In 2005 Vladimir Putin officiated when the remains of the philosopher Ivan Ilyin, who died in 1954, were retrieved from Switzerland and reburied in Moscow’s Donskoy monastery.

Ilyin believed in Russian exceptionalism, the irrelevance of mere facts, a dirigisme economy, the need for a mystical “Christian” rebirth, a hatred of the decadent West, the cleansing power of violence and the need for a manly leader who would transform his devastated country into an empire.

One can understand Lt-Col Putin embracing Ilyin’s fascist ideas as the Soviet Union disintegrated and he was forced to drive a taxi. To Ilyin, any manifestation of Ukrainian culture was heretical as it was an indivisible and sacred part of Mother Russia. Ilyin’s writings programmed Putin and his elite to invade Ukraine.

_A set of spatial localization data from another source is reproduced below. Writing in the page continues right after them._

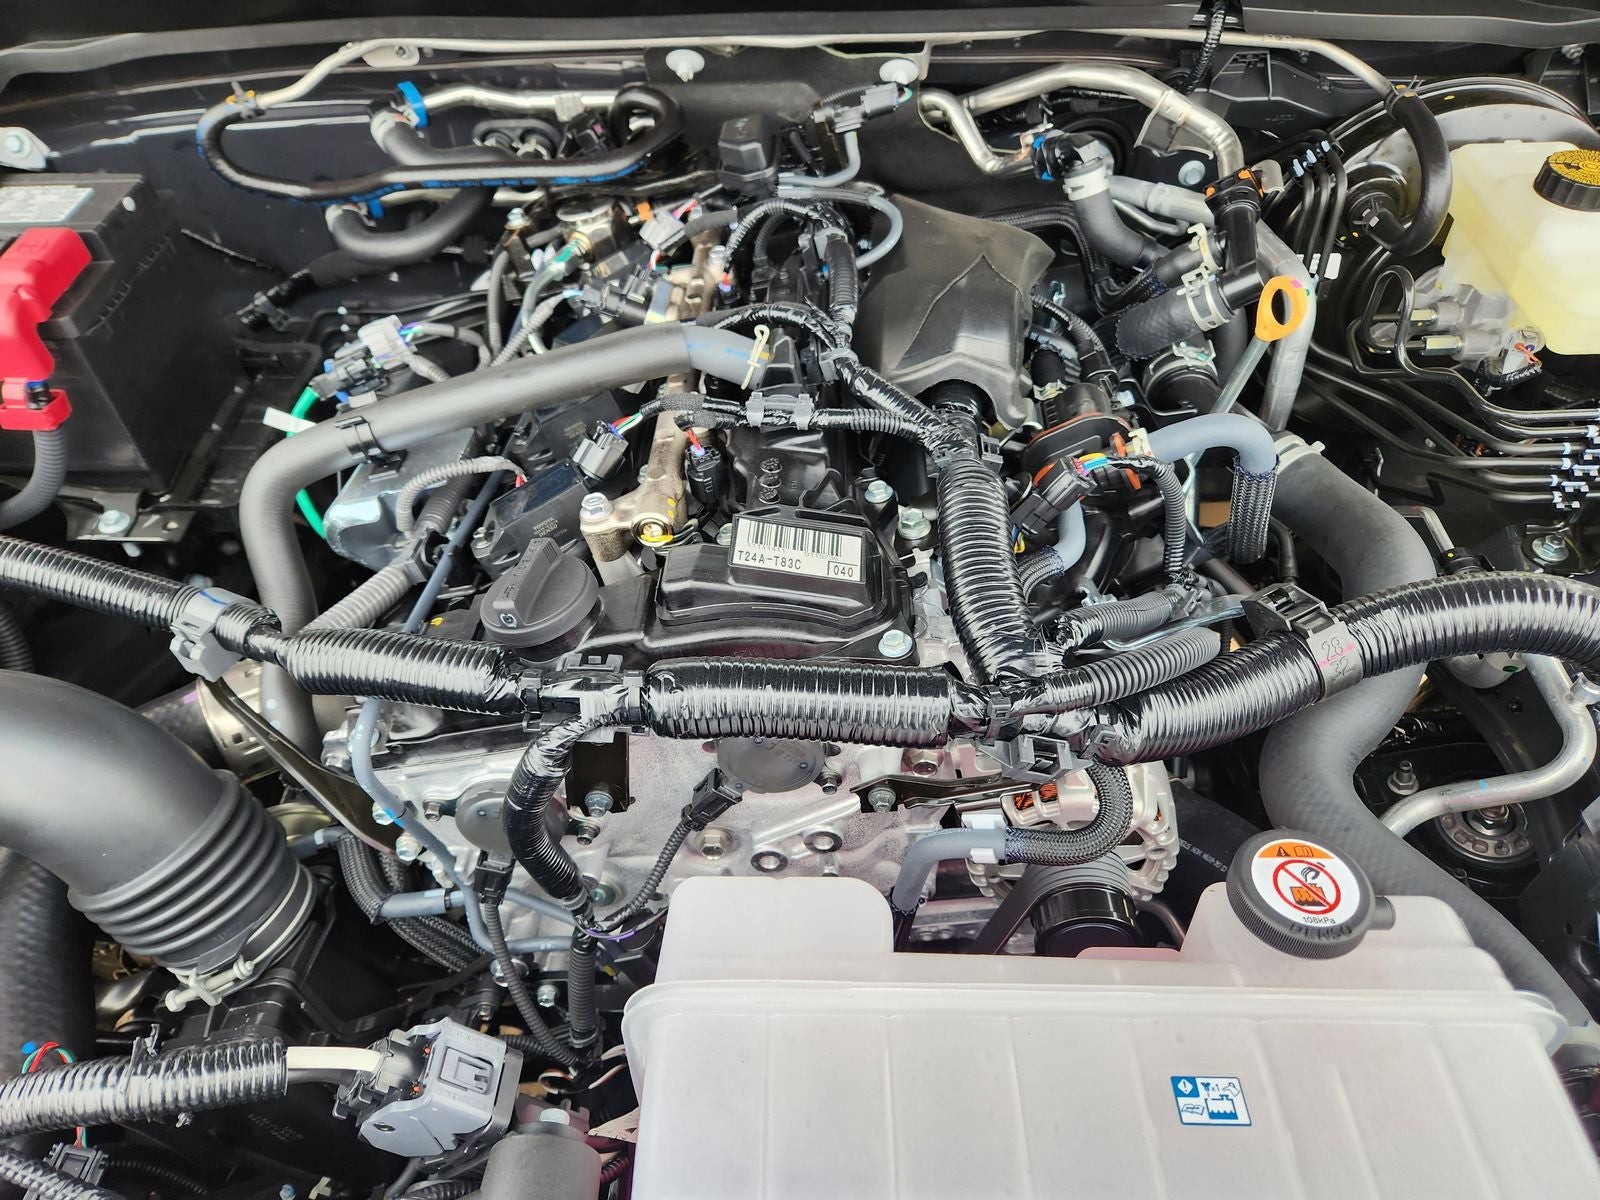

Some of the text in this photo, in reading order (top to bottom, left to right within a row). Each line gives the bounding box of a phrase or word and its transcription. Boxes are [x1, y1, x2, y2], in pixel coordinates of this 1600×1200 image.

[738, 550, 802, 570] T24A-T83C
[833, 565, 854, 577] 040
[1321, 636, 1344, 662] 28
[1329, 655, 1353, 681] 32
[1302, 915, 1336, 925] 108kPa
[1289, 922, 1353, 940] DENSO

They would rather destroy human civilisation than admit defeat.

Elements of Ilyin’s philosophy can be seen in SA too, more covertly contained within the ANC than exemplified in an individual, though Jacob Zuma came close. To date, elections have been a ritual to reaffirm the governing party rather than to change it. The constitution is extolled because the ANC can manipulate it in a doomed bid for everlasting power.

SA too has an oligarchy while the majority remain poor. Elite status in Russia depends on yacht length. Here it’s probably game farm size. While currently not as repressive as the Russian version, it holds the national democratic revolution and BEE as religious beliefs. Total economic destruction is preferable to ditching these articles of faith.

So it’s not surprising that our government tied itself in knots over Putin’s Ukraine invasion. It both fears him, and is irresistibly drawn to his flame.